- Opening Delimiter -

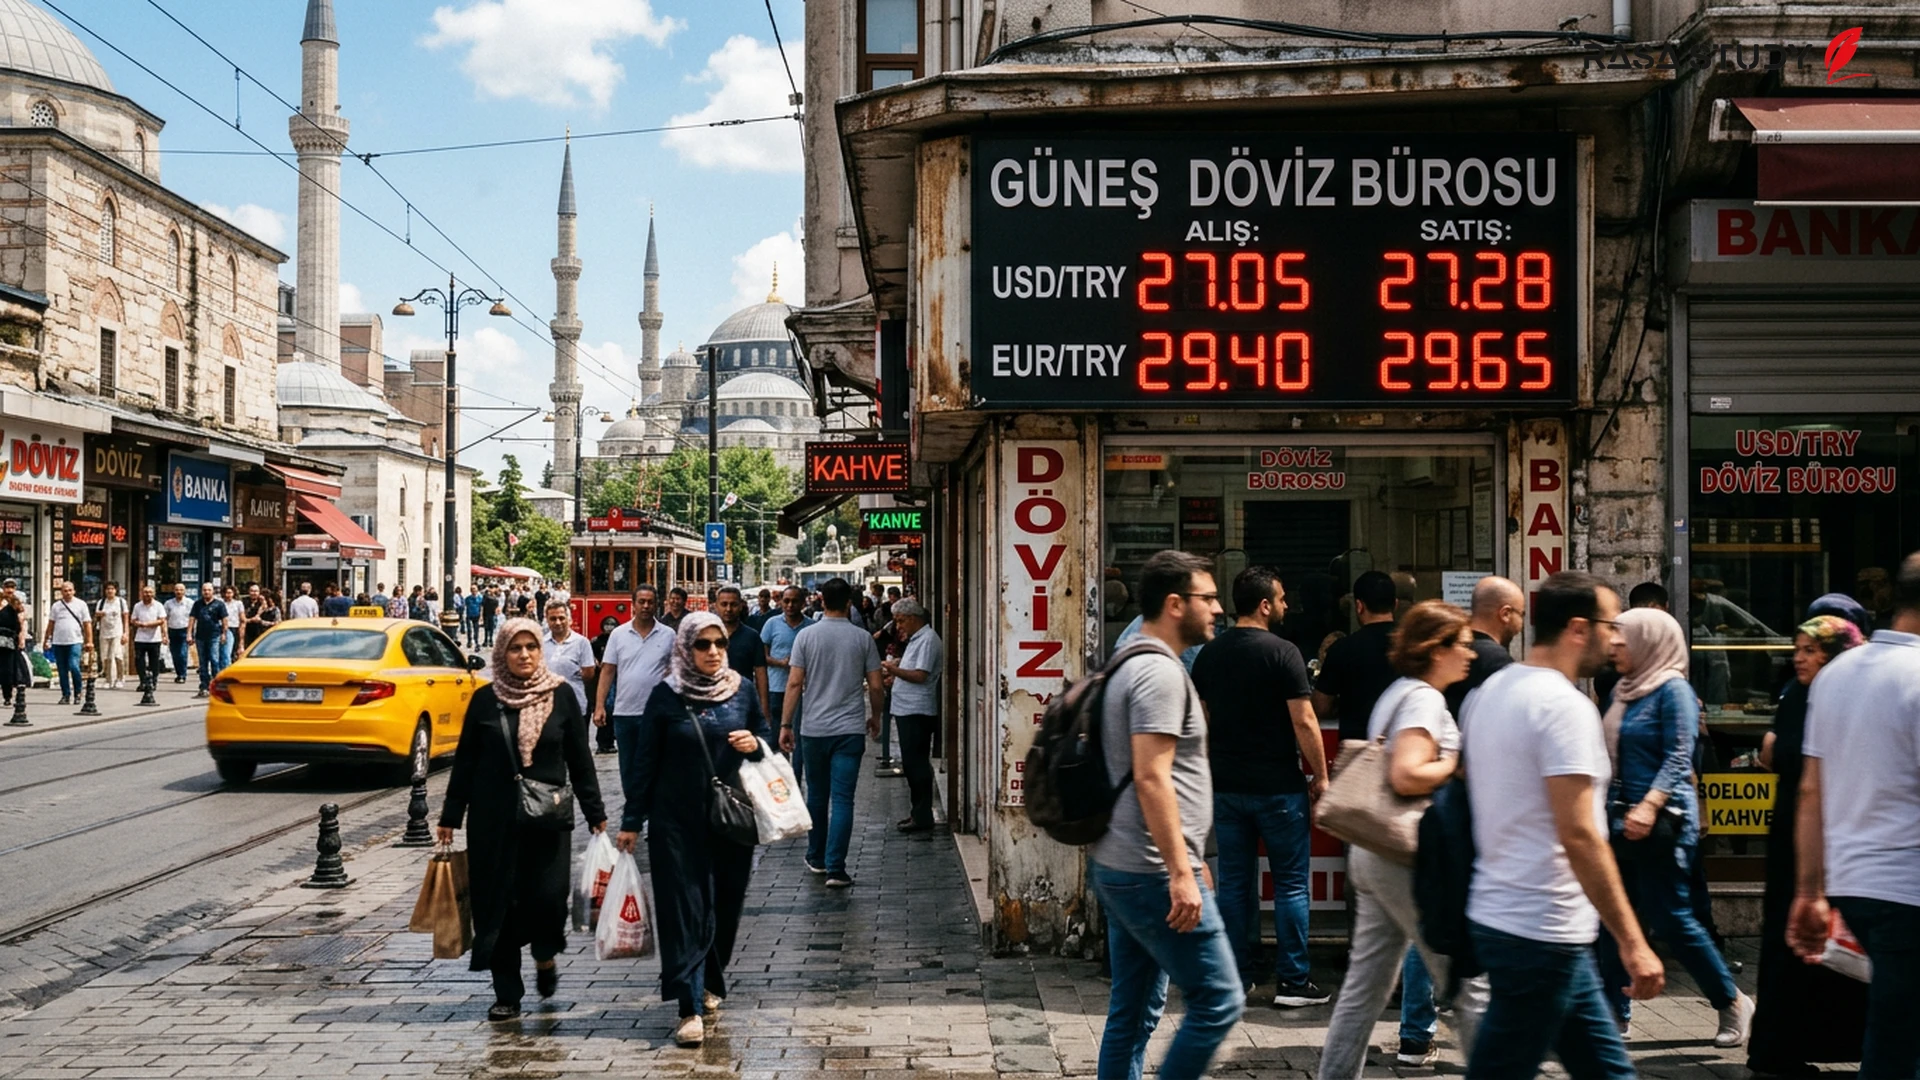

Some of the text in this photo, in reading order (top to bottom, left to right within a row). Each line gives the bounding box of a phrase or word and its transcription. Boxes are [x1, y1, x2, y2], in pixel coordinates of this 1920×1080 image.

[990, 146, 1556, 220] GÜNEŞ DÖVİZ BÜROSU
[1185, 219, 1512, 247] ALIŞ: SATIŞ:
[992, 251, 1551, 311] USD/TRY 27.05 27.28
[992, 331, 1552, 391] EUR/TRY 29.40 29.65
[11, 433, 80, 482] DÖVİZ
[1261, 446, 1333, 467] DÖVİZ
[1736, 429, 1862, 457] USD/TRY
[95, 444, 143, 479] DÖVİZ
[813, 454, 902, 481] KAHVE
[184, 474, 228, 503] BANKA
[1247, 470, 1346, 491] BÜROSU
[1700, 461, 1896, 494] DÖVİZ BÜROSU
[870, 513, 922, 529] KANVE
[1527, 459, 1563, 626] BAN
[1014, 447, 1067, 678] DÖVİZ
[1711, 810, 1774, 826] KAHVE
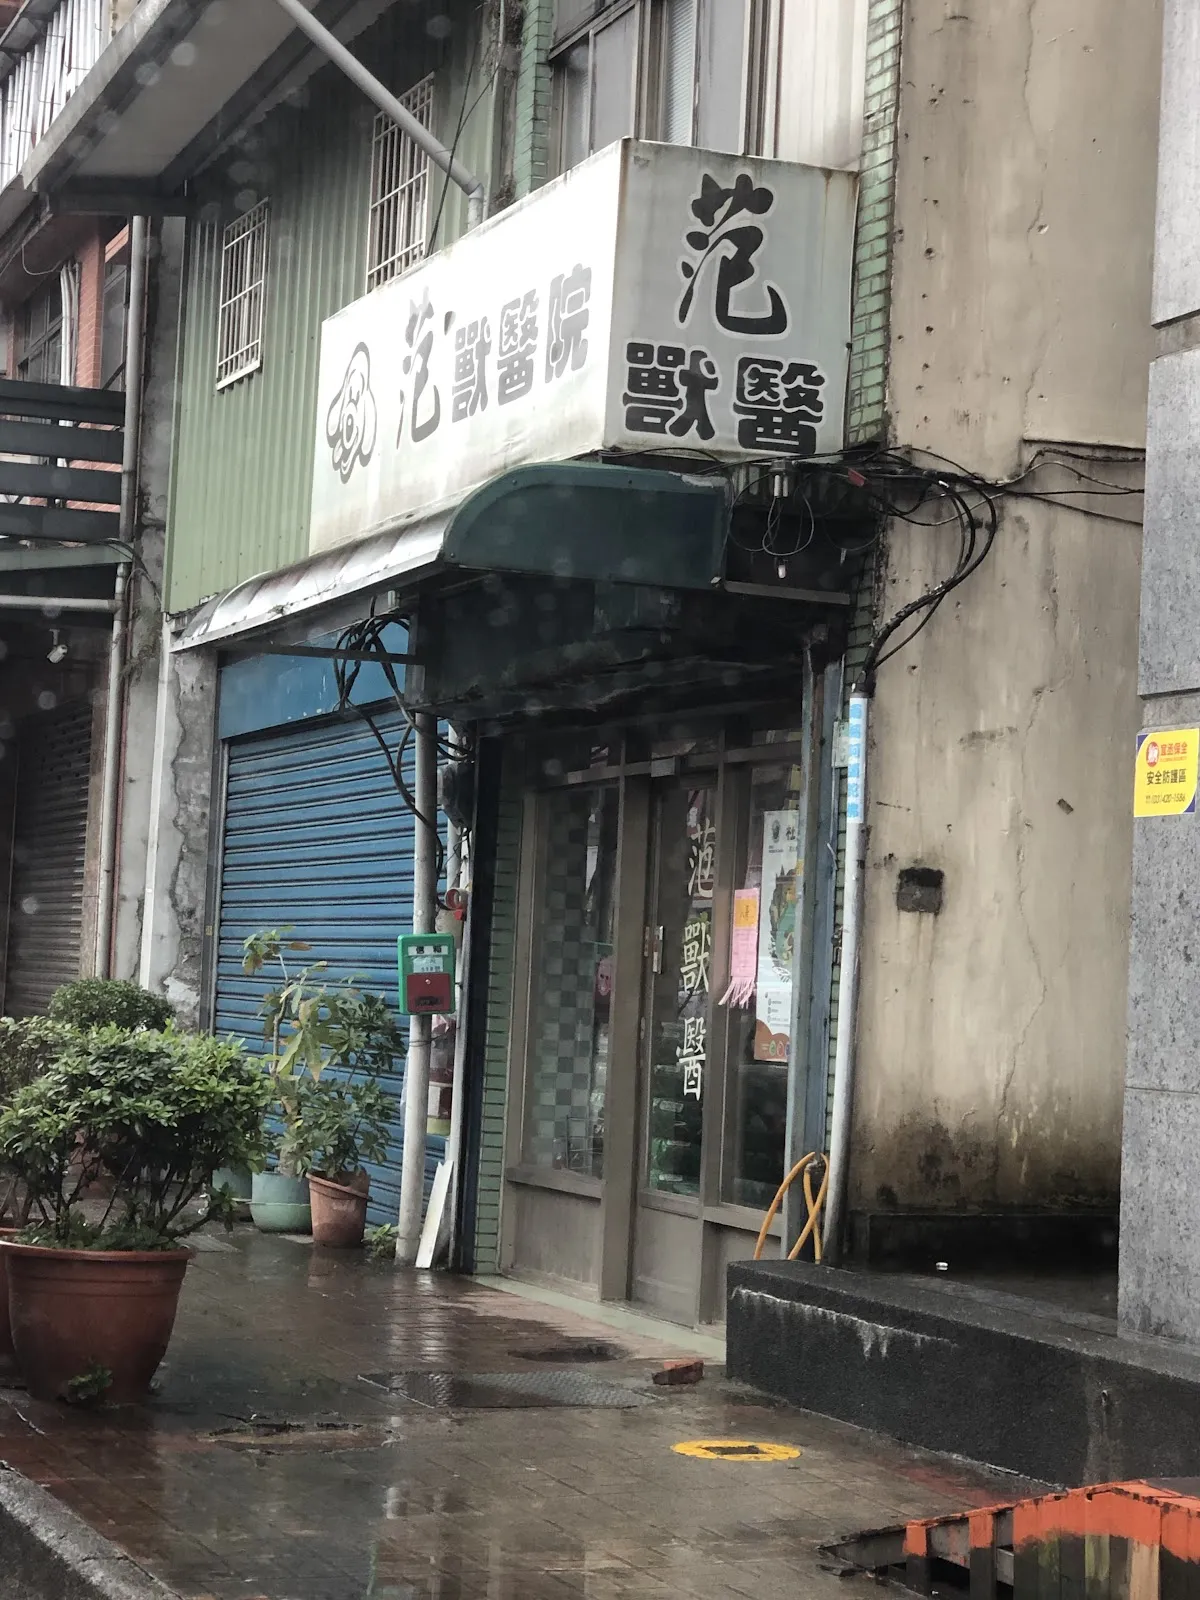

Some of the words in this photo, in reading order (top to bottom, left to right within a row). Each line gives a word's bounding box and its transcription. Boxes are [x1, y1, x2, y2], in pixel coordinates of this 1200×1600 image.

[678, 173, 788, 335] 范
[622, 342, 826, 455] 獸醫
[1146, 768, 1187, 786] 安全防護區
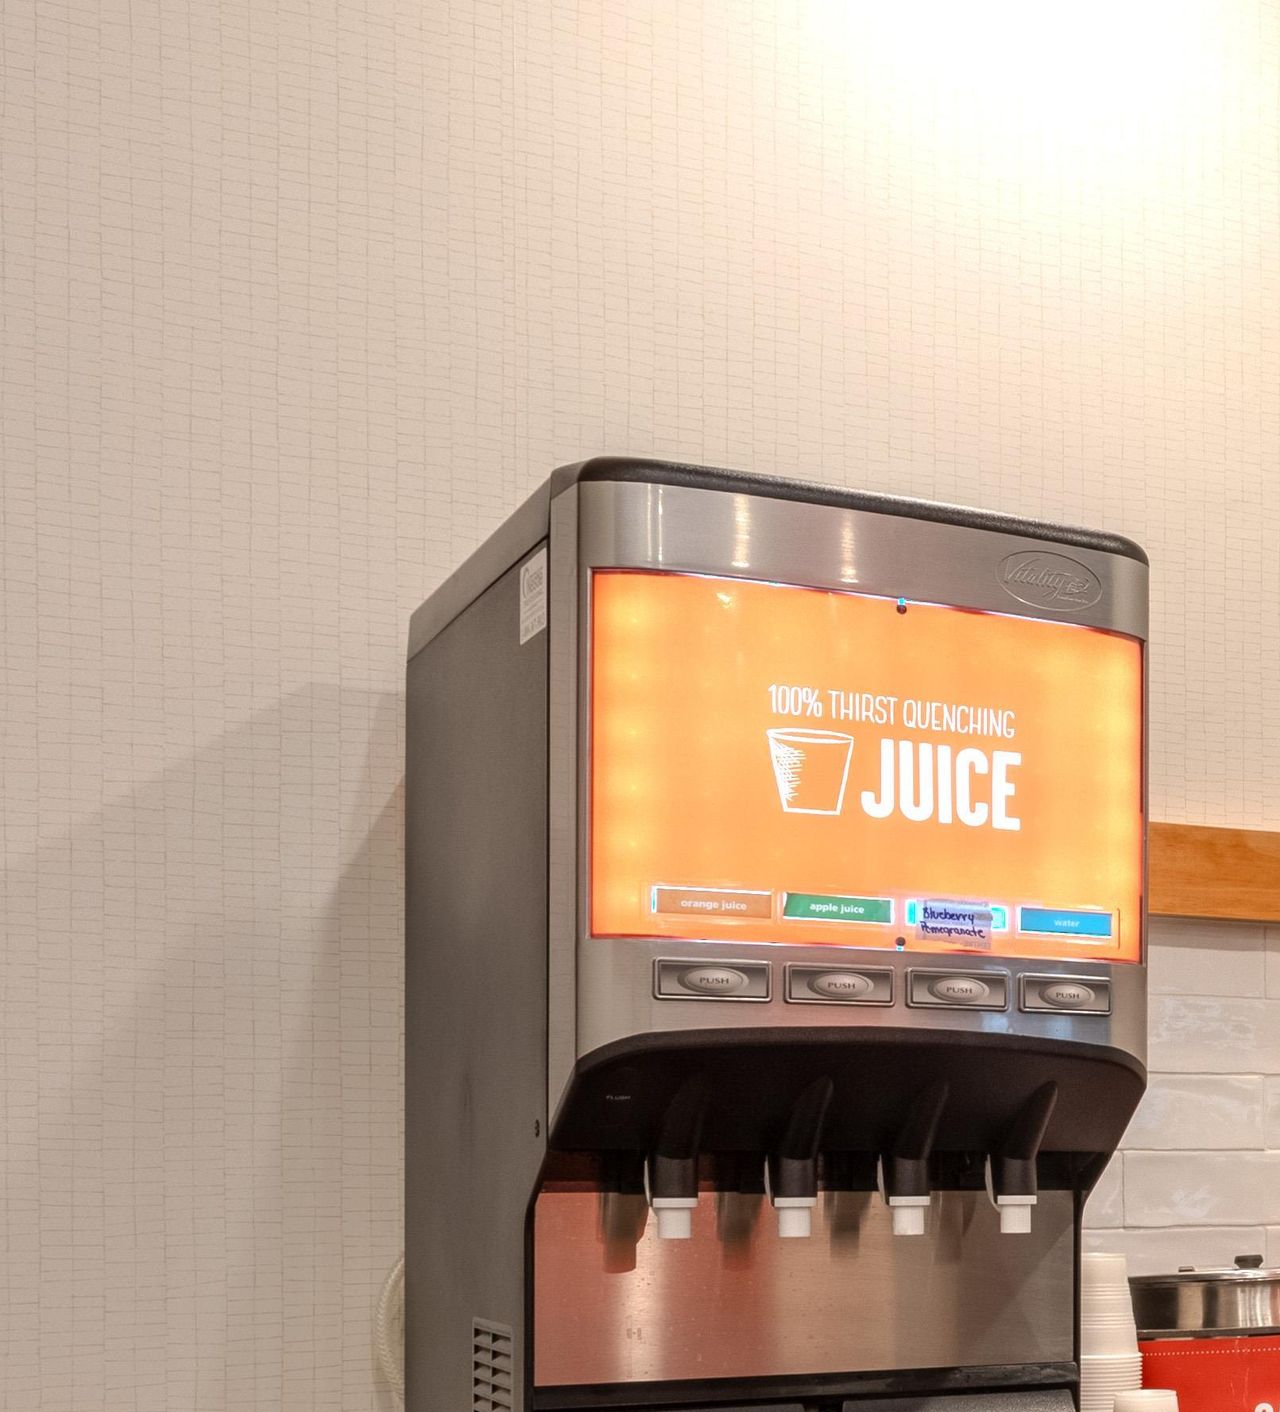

- Closing Delimiter -

**TASK DESCRIPTION:** From the first line to the last, repeat the records exactly, leaving out the pictures.

**EXERCISE SOLUTION:**
Some of the text in this photo, in reading order (top to bottom, left to right within a row). Each line gives the bounding box of a phrase or word and its transcription. Boxes are [x1, y1, x2, y2], in pixel coordinates of this 1920×1080 image.

[990, 146, 1556, 220] GÜNEŞ DÖVİZ BÜROSU
[1185, 219, 1512, 247] ALIŞ: SATIŞ:
[992, 251, 1551, 311] USD/TRY 27.05 27.28
[992, 331, 1552, 391] EUR/TRY 29.40 29.65
[11, 433, 80, 482] DÖVİZ
[1261, 446, 1333, 467] DÖVİZ
[1736, 429, 1862, 457] USD/TRY
[95, 444, 143, 479] DÖVİZ
[813, 454, 902, 481] KAHVE
[184, 474, 228, 503] BANKA
[1247, 470, 1346, 491] BÜROSU
[1700, 461, 1896, 494] DÖVİZ BÜROSU
[870, 513, 922, 529] KANVE
[1527, 459, 1563, 626] BAN
[1014, 447, 1067, 678] DÖVİZ
[1711, 810, 1774, 826] KAHVE

Some of the words in this photo, in reading order (top to bottom, left to right within a row). Each line gives a word's bounding box and its transcription. Boxes are [x1, y1, x2, y2], in pixel coordinates of this 1200×1600 image.

[678, 173, 788, 335] 范
[622, 342, 826, 455] 獸醫
[1146, 768, 1187, 786] 安全防護區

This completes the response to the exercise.